Work request> Below are records with pictures in them; print them exactly, omitting the pictures.

Free-text object descriptions>
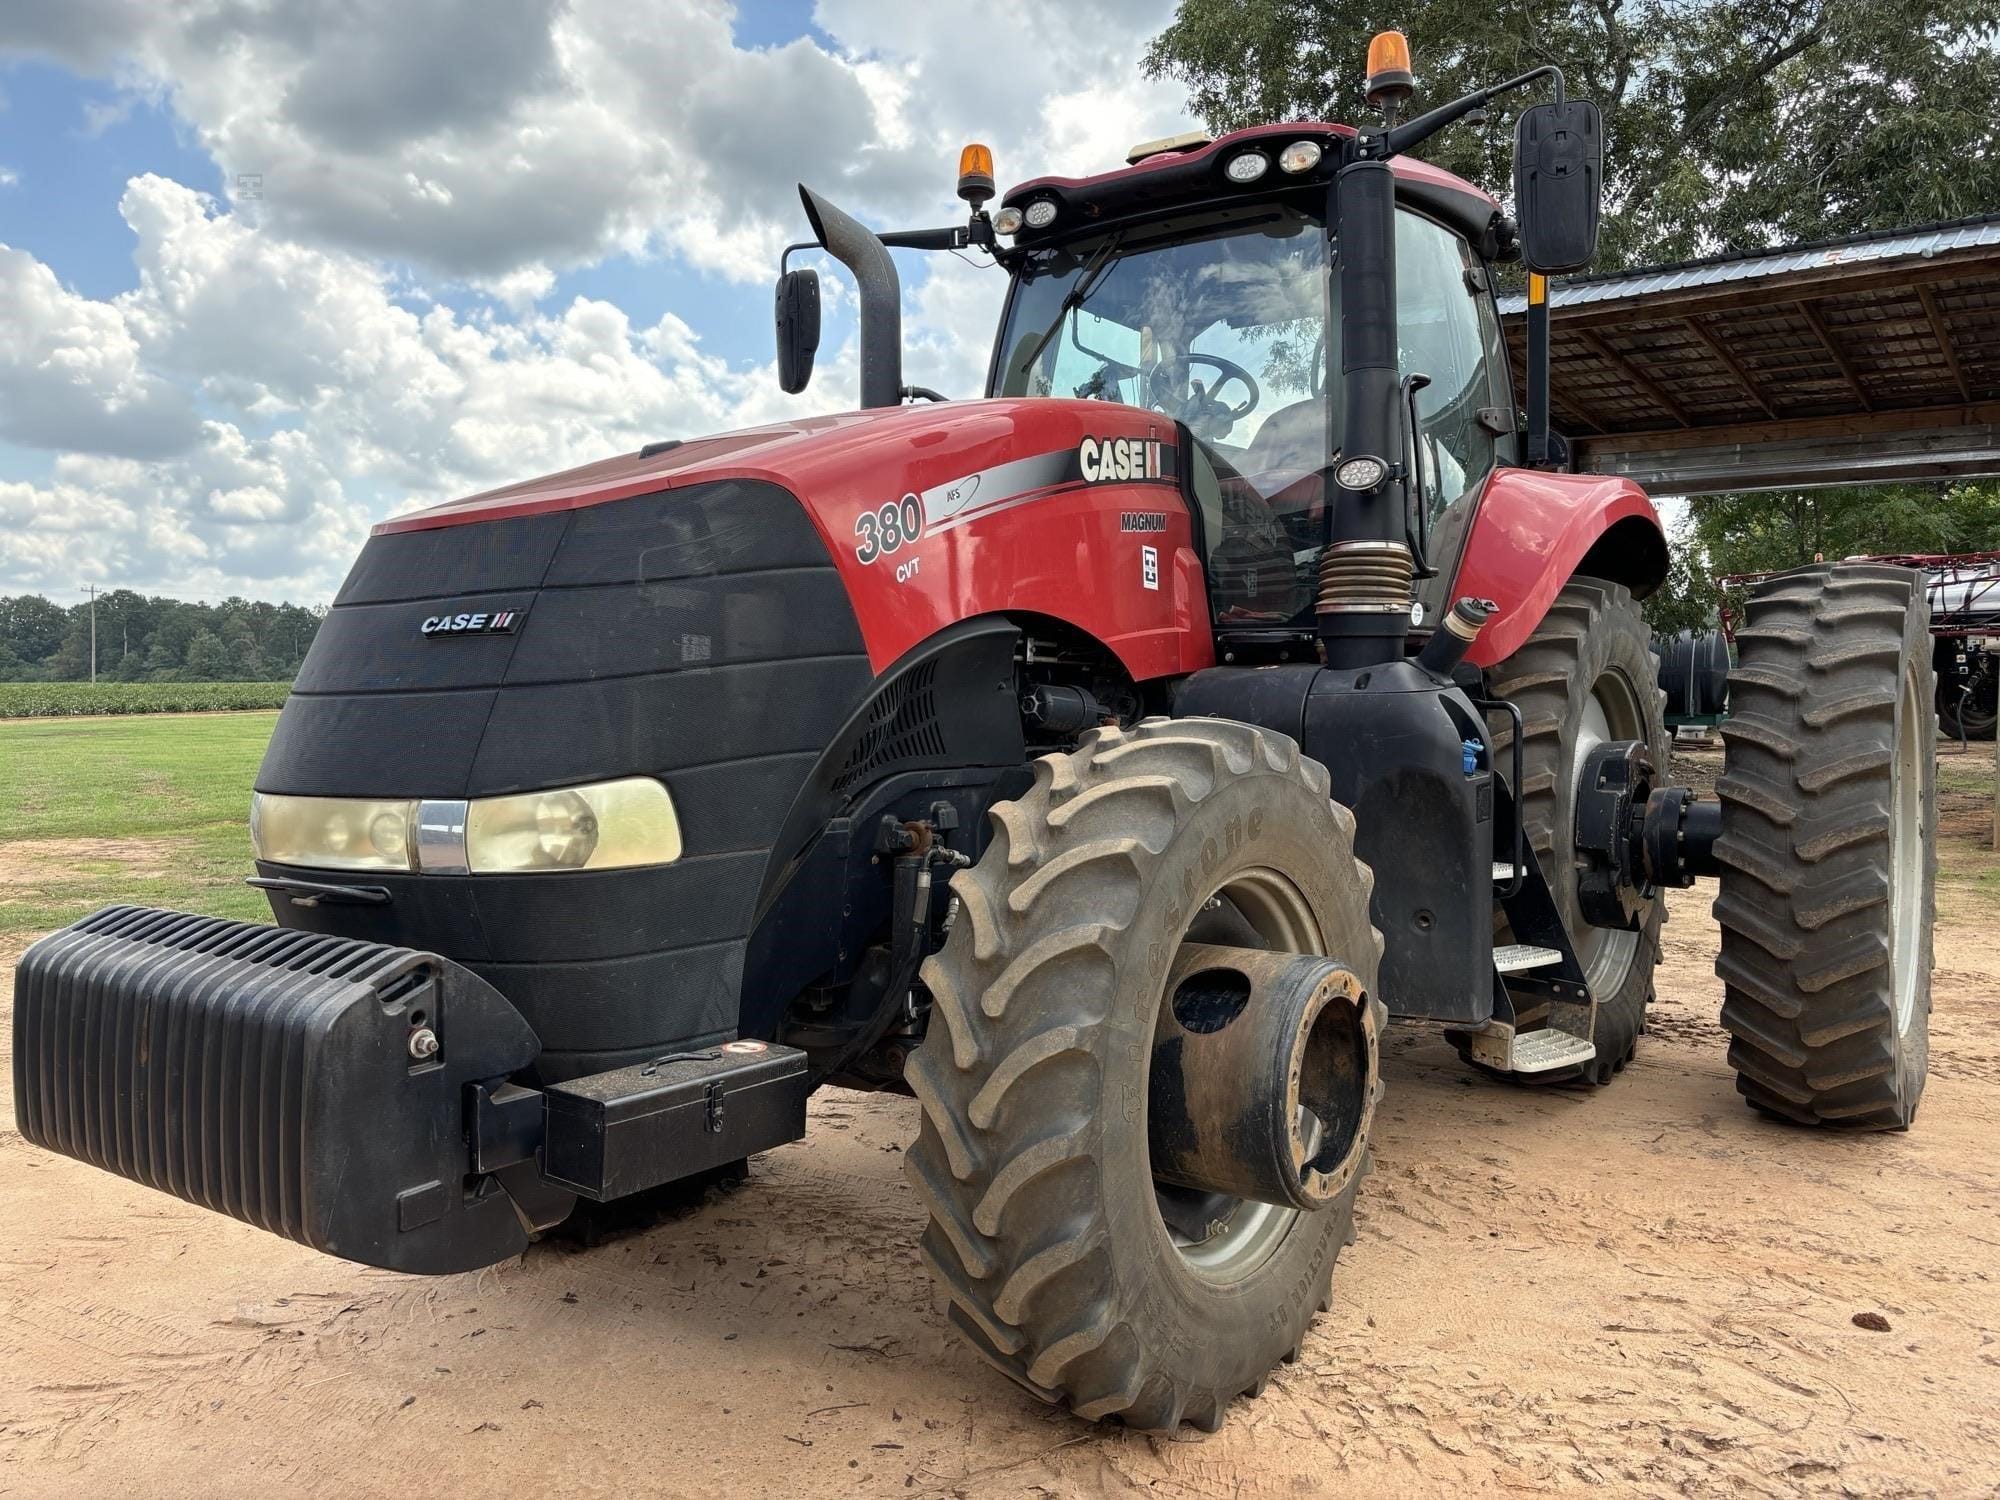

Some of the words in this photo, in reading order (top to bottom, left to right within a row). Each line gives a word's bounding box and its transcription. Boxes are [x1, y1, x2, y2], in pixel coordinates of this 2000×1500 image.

[1080, 438, 1143, 482] CASE
[946, 488, 961, 502] AFS
[855, 493, 921, 565] 380
[1121, 512, 1166, 532] MAGNUM
[896, 557, 920, 583] CVT
[421, 614, 488, 633] CASE

Solved problem>
Some of the words in this photo, in reading order (top to bottom, left to right within a row). Each line gives a word's bounding box and its transcription. Boxes are [x1, y1, x2, y2], in pixel coordinates of this 2000×1500 image.

[1080, 438, 1143, 482] CASE
[946, 488, 961, 502] AFS
[855, 493, 921, 565] 380
[1121, 512, 1166, 532] MAGNUM
[896, 557, 920, 583] CVT
[421, 614, 488, 633] CASE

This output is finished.